Il team aveva cioè riprodotto sinteticamente una copia di DNA (pur se identico a quello originale) sostituendolo a quello di un batterio della stessa specie: niente di davvero straordinario - se funzionava quello originale anche la copia servile non poteva che funzionare - se non il fatto di aver ottenuto il DNA partendo da sostanze inorganiche.



     E' stato questo un primo passo verso il "minimal genome project" (10) cui obiettivo dichiarato era la realizzazione di un batterio sintetico "con la minima quantità di genoma che gli permetta di replicarsi".
Il termine "minimal" si riferisce alla caratteristica specifica di cui deve esser dotato tale batterio: togliendo altro DNA, il suo genoma deve smettere di funzionare.
L'obiettivo è stato raggiunto solo nel 2016, quando è stato realizzato il "Mycoplasma laboratorium" chiamato JCVI-syn 3.0, o più semplicemente Synthia 3.0: un DNA completamente sintetico costituito da 473 geni venne sostituito al DNA del batterio "Mycoplasma capricolum" ottenendo così un organismo in grado di crescere e riprodursi (11).

Proviamo a fare un paragone per comprender meglio il significato del risultato sinora raggiunto: è come aver creato un nuovo sistema operativo caricato su un computer già esistente, certo non la stessa cosa dell'aver creato un nuovo computer dal nulla!

Questo esempio ci da l'idea di quale sia l'attuale distanza dalla creazione di una vera vita sintetica.


Vita aliena.

     Sgombriamo il campo da illusioni o errate interpretazioni delle notizie che circolano: sino a questo momento non abbiamo prove valide dell'esistenza di vita aliena.
Come sosteneva correttamente Carl Sagan "affermazioni straordinarie richiedono prove straordinarie", e noi non disponiamo che di labili indizi.

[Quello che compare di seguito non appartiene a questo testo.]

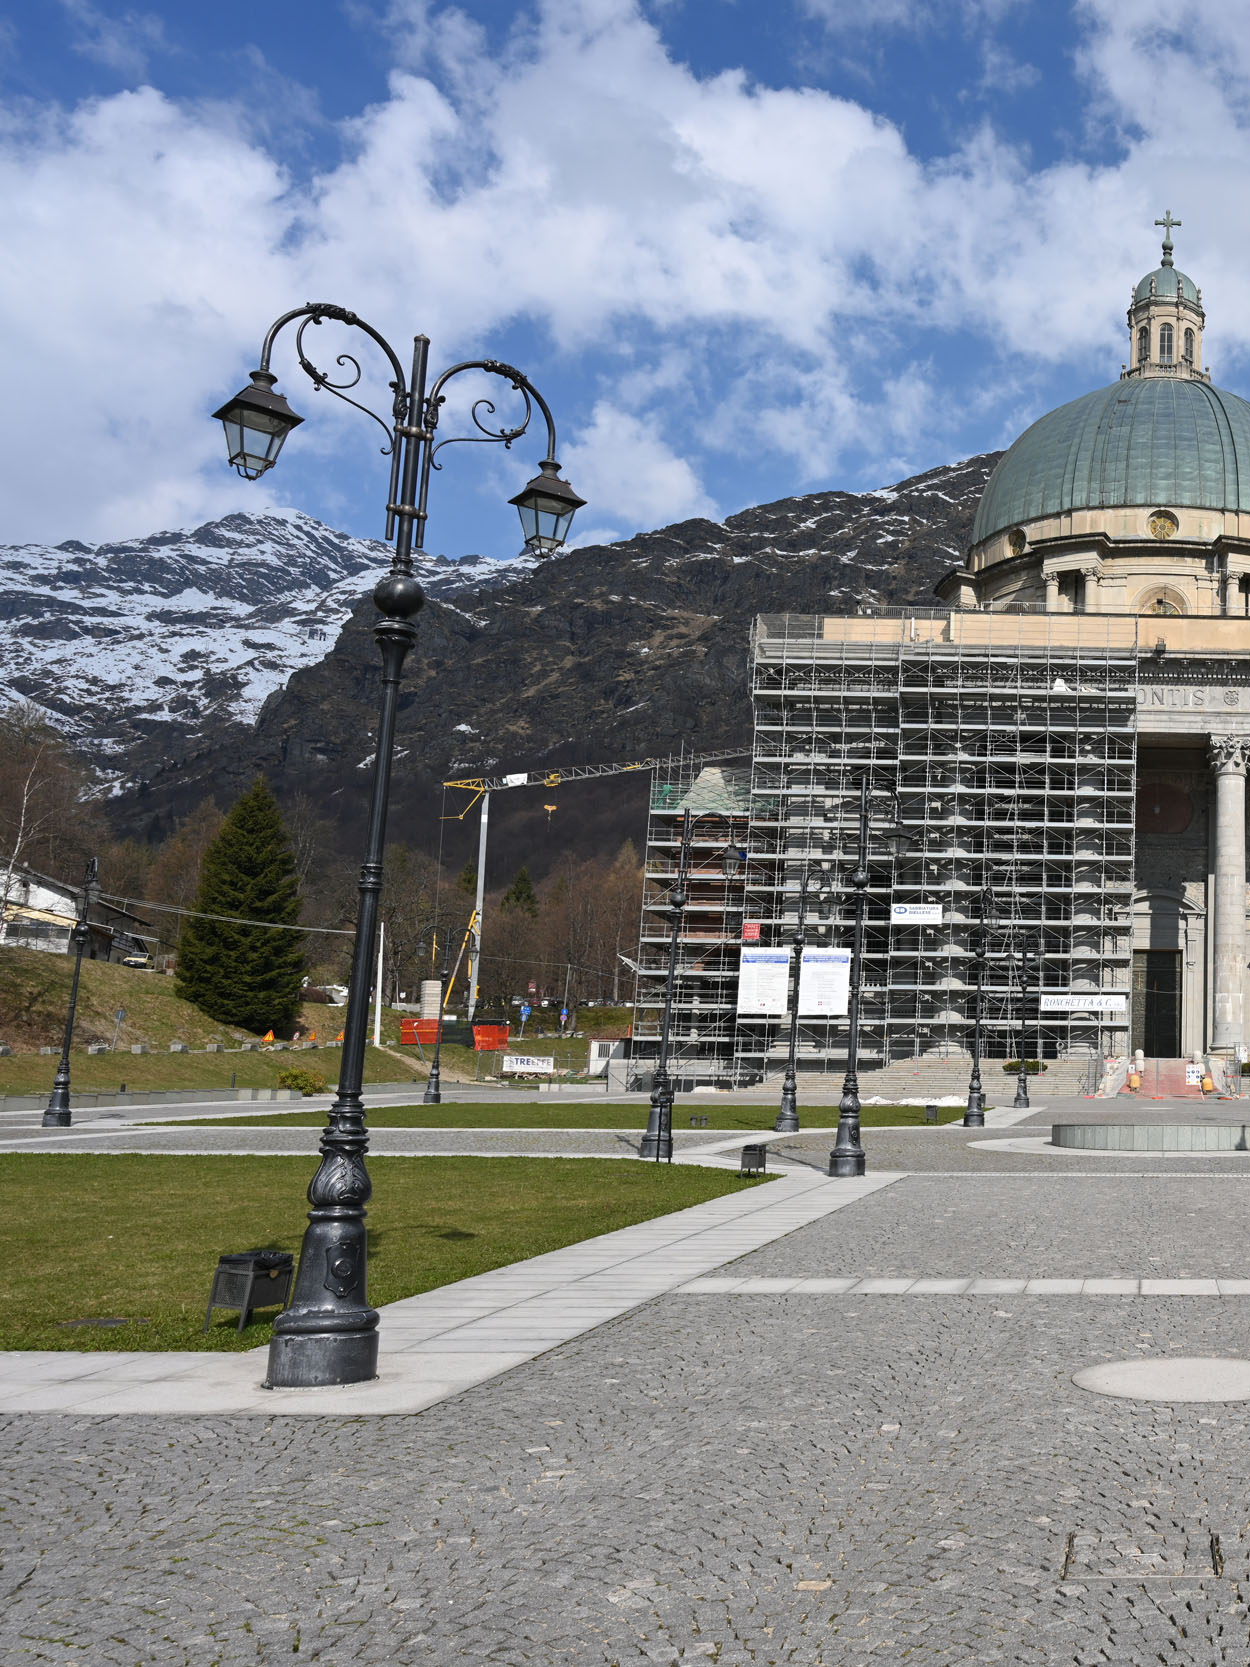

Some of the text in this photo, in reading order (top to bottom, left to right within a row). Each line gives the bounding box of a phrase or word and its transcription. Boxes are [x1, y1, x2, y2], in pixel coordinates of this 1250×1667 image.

[1137, 688, 1205, 706] ONTIS
[1043, 998, 1094, 1007] RONCHETTA
[1096, 998, 1103, 1007] &

Nel 1986 la NASA annunciò con grande scalpore su tutti i mezzi di comunicazione la scoperta di batteri fossili microscopici ritrovati analizzando un meteorite raccolto in Antartide; tale corpo è ritenuto provenire da Marte in quanto la roccia che lo compone intrappola al suo interno microbolle la cui analisi del contenuto corrisponde al profilo dell'atmosfera di quel pianeta (12).


     Non si tratta quindi del ritrovamento di materiale biologico, ma è indispensabile stabilire una volta per tutte se tali "presunti fossili" fossero stati un tempo esseri viventi (quindi testimonianza che la vita è esistita in passato sul pianeta d'origine).
Successivi studi dimostrarono che tali conformazioni avrebbero potuto presentarsi anche come risultato di processi non biologici, non riuscendo comunque ad escludere la seppur minuscola probabilità che si tratti effettivamente di fossili.
Pertanto ad oggi la presenza di vita in un passato remoto su Marte rimane in discussione.

     Circa l'esistenza della vita su altri pianeti la comunità scientifica, in mancanza di qualsiasi prova, si divide su 3 posizioni:

   1. la vita esiste solo sulla Terra perché il caso che ne ha determinato lo sviluppo e la sopravvivenza per un periodo così lungo tale da consentire all'evoluzione di operare in modo ottimale è rarissimo;

   2. la vita aliena esiste ma deve esser molto simile a quella terrestre;

   3. la vita aliena esiste ed è completamente diversa da quella terrestre.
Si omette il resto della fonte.